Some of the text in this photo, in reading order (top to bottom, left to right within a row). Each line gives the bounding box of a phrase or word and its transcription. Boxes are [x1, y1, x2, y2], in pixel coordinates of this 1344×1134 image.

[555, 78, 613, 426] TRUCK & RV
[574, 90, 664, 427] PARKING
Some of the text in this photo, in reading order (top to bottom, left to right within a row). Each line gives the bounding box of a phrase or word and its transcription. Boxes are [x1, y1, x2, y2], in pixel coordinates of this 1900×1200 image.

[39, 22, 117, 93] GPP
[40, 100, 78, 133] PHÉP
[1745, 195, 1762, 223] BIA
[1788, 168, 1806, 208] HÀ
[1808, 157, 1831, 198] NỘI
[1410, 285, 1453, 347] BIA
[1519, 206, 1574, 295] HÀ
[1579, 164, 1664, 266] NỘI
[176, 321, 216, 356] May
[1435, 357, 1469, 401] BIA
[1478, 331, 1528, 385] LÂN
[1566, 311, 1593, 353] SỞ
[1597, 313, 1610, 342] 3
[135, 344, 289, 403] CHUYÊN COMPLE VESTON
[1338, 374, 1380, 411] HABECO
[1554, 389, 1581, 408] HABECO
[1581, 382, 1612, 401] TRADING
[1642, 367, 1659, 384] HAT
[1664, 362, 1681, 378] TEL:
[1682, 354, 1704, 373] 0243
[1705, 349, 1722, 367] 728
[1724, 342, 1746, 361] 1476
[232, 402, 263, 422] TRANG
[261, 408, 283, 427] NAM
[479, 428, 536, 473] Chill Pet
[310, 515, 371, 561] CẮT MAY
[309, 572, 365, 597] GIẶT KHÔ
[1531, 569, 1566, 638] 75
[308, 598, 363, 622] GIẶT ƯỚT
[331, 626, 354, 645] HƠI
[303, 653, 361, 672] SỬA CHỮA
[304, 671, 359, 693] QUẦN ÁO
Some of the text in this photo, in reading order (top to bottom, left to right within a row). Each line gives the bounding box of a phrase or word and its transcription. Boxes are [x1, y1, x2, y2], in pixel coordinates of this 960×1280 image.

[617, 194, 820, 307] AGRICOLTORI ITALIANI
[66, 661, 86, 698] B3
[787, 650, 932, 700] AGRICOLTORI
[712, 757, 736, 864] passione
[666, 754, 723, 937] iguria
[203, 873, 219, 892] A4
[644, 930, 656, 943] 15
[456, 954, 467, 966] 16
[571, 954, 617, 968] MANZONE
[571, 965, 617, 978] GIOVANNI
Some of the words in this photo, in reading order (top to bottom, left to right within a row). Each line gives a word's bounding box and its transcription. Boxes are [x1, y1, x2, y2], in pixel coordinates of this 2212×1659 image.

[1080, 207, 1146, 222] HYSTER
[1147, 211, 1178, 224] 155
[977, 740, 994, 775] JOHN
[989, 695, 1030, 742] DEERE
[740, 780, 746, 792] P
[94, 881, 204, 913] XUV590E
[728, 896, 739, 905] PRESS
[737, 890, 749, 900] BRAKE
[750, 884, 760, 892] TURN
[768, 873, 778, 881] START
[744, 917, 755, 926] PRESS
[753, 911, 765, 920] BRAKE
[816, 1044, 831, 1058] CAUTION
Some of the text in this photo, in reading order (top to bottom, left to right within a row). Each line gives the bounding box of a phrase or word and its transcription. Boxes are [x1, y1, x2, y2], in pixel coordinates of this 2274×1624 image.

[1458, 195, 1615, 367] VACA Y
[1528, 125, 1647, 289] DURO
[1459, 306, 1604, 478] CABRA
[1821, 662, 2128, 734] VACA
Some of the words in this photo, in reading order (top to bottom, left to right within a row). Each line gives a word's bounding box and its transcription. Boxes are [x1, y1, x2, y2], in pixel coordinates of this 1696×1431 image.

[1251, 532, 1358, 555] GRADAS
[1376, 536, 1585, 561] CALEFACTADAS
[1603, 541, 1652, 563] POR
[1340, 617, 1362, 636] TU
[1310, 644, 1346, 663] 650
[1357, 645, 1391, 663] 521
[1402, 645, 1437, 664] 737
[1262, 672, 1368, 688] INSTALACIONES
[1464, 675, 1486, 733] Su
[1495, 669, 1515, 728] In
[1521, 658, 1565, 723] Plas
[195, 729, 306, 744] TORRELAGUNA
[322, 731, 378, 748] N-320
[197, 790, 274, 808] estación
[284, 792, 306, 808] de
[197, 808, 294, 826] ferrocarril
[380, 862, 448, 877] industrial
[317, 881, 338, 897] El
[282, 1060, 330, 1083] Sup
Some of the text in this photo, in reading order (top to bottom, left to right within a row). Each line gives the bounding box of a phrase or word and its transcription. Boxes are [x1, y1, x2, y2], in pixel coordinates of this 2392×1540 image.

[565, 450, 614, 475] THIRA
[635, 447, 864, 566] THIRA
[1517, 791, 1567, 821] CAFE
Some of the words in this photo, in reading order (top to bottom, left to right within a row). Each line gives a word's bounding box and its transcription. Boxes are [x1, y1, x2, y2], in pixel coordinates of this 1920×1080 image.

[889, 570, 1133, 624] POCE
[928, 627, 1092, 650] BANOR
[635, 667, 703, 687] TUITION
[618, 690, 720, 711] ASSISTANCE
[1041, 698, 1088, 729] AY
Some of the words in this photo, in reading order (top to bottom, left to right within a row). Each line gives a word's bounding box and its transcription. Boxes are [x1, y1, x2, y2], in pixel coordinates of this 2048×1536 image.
────────────────────
Send back each record exactly, and include them all.

Some of the text in this photo, in reading order (top to bottom, left to right within a row). Each line gives the bounding box of a phrase or word and its transcription. Boxes are [x1, y1, x2, y2], in pixel coordinates of this 1344×1134 image.

[555, 78, 613, 426] TRUCK & RV
[574, 90, 664, 427] PARKING
Some of the text in this photo, in reading order (top to bottom, left to right within a row). Each line gives the bounding box of a phrase or word and its transcription. Boxes are [x1, y1, x2, y2], in pixel coordinates of this 1900×1200 image.

[39, 22, 117, 93] GPP
[40, 100, 78, 133] PHÉP
[1745, 195, 1762, 223] BIA
[1788, 168, 1806, 208] HÀ
[1808, 157, 1831, 198] NỘI
[1410, 285, 1453, 347] BIA
[1519, 206, 1574, 295] HÀ
[1579, 164, 1664, 266] NỘI
[176, 321, 216, 356] May
[1435, 357, 1469, 401] BIA
[1478, 331, 1528, 385] LÂN
[1566, 311, 1593, 353] SỞ
[1597, 313, 1610, 342] 3
[135, 344, 289, 403] CHUYÊN COMPLE VESTON
[1338, 374, 1380, 411] HABECO
[1554, 389, 1581, 408] HABECO
[1581, 382, 1612, 401] TRADING
[1642, 367, 1659, 384] HAT
[1664, 362, 1681, 378] TEL:
[1682, 354, 1704, 373] 0243
[1705, 349, 1722, 367] 728
[1724, 342, 1746, 361] 1476
[232, 402, 263, 422] TRANG
[261, 408, 283, 427] NAM
[479, 428, 536, 473] Chill Pet
[310, 515, 371, 561] CẮT MAY
[309, 572, 365, 597] GIẶT KHÔ
[1531, 569, 1566, 638] 75
[308, 598, 363, 622] GIẶT ƯỚT
[331, 626, 354, 645] HƠI
[303, 653, 361, 672] SỬA CHỮA
[304, 671, 359, 693] QUẦN ÁO
Some of the text in this photo, in reading order (top to bottom, left to right within a row). Each line gives the bounding box of a phrase or word and its transcription. Boxes are [x1, y1, x2, y2], in pixel coordinates of this 960×1280 image.

[617, 194, 820, 307] AGRICOLTORI ITALIANI
[66, 661, 86, 698] B3
[787, 650, 932, 700] AGRICOLTORI
[712, 757, 736, 864] passione
[666, 754, 723, 937] iguria
[203, 873, 219, 892] A4
[644, 930, 656, 943] 15
[456, 954, 467, 966] 16
[571, 954, 617, 968] MANZONE
[571, 965, 617, 978] GIOVANNI
Some of the words in this photo, in reading order (top to bottom, left to right within a row). Each line gives a word's bounding box and its transcription. Boxes are [x1, y1, x2, y2], in pixel coordinates of this 2212×1659 image.

[1080, 207, 1146, 222] HYSTER
[1147, 211, 1178, 224] 155
[977, 740, 994, 775] JOHN
[989, 695, 1030, 742] DEERE
[740, 780, 746, 792] P
[94, 881, 204, 913] XUV590E
[728, 896, 739, 905] PRESS
[737, 890, 749, 900] BRAKE
[750, 884, 760, 892] TURN
[768, 873, 778, 881] START
[744, 917, 755, 926] PRESS
[753, 911, 765, 920] BRAKE
[816, 1044, 831, 1058] CAUTION
Some of the text in this photo, in reading order (top to bottom, left to right within a row). Each line gives the bounding box of a phrase or word and its transcription. Boxes are [x1, y1, x2, y2], in pixel coordinates of this 2274×1624 image.

[1458, 195, 1615, 367] VACA Y
[1528, 125, 1647, 289] DURO
[1459, 306, 1604, 478] CABRA
[1821, 662, 2128, 734] VACA
Some of the words in this photo, in reading order (top to bottom, left to right within a row). Each line gives a word's bounding box and its transcription. Boxes are [x1, y1, x2, y2], in pixel coordinates of this 1696×1431 image.

[1251, 532, 1358, 555] GRADAS
[1376, 536, 1585, 561] CALEFACTADAS
[1603, 541, 1652, 563] POR
[1340, 617, 1362, 636] TU
[1310, 644, 1346, 663] 650
[1357, 645, 1391, 663] 521
[1402, 645, 1437, 664] 737
[1262, 672, 1368, 688] INSTALACIONES
[1464, 675, 1486, 733] Su
[1495, 669, 1515, 728] In
[1521, 658, 1565, 723] Plas
[195, 729, 306, 744] TORRELAGUNA
[322, 731, 378, 748] N-320
[197, 790, 274, 808] estación
[284, 792, 306, 808] de
[197, 808, 294, 826] ferrocarril
[380, 862, 448, 877] industrial
[317, 881, 338, 897] El
[282, 1060, 330, 1083] Sup
Some of the text in this photo, in reading order (top to bottom, left to right within a row). Each line gives the bounding box of a phrase or word and its transcription. Boxes are [x1, y1, x2, y2], in pixel coordinates of this 2392×1540 image.

[565, 450, 614, 475] THIRA
[635, 447, 864, 566] THIRA
[1517, 791, 1567, 821] CAFE
Some of the words in this photo, in reading order (top to bottom, left to right within a row). Each line gives a word's bounding box and its transcription. Boxes are [x1, y1, x2, y2], in pixel coordinates of this 1920×1080 image.

[889, 570, 1133, 624] POCE
[928, 627, 1092, 650] BANOR
[635, 667, 703, 687] TUITION
[618, 690, 720, 711] ASSISTANCE
[1041, 698, 1088, 729] AY
Some of the words in this photo, in reading order (top to bottom, left to right within a row). Each line gives a word's bounding box and its transcription. Boxes are [x1, y1, x2, y2], in pixel coordinates of this 2048×1536 image.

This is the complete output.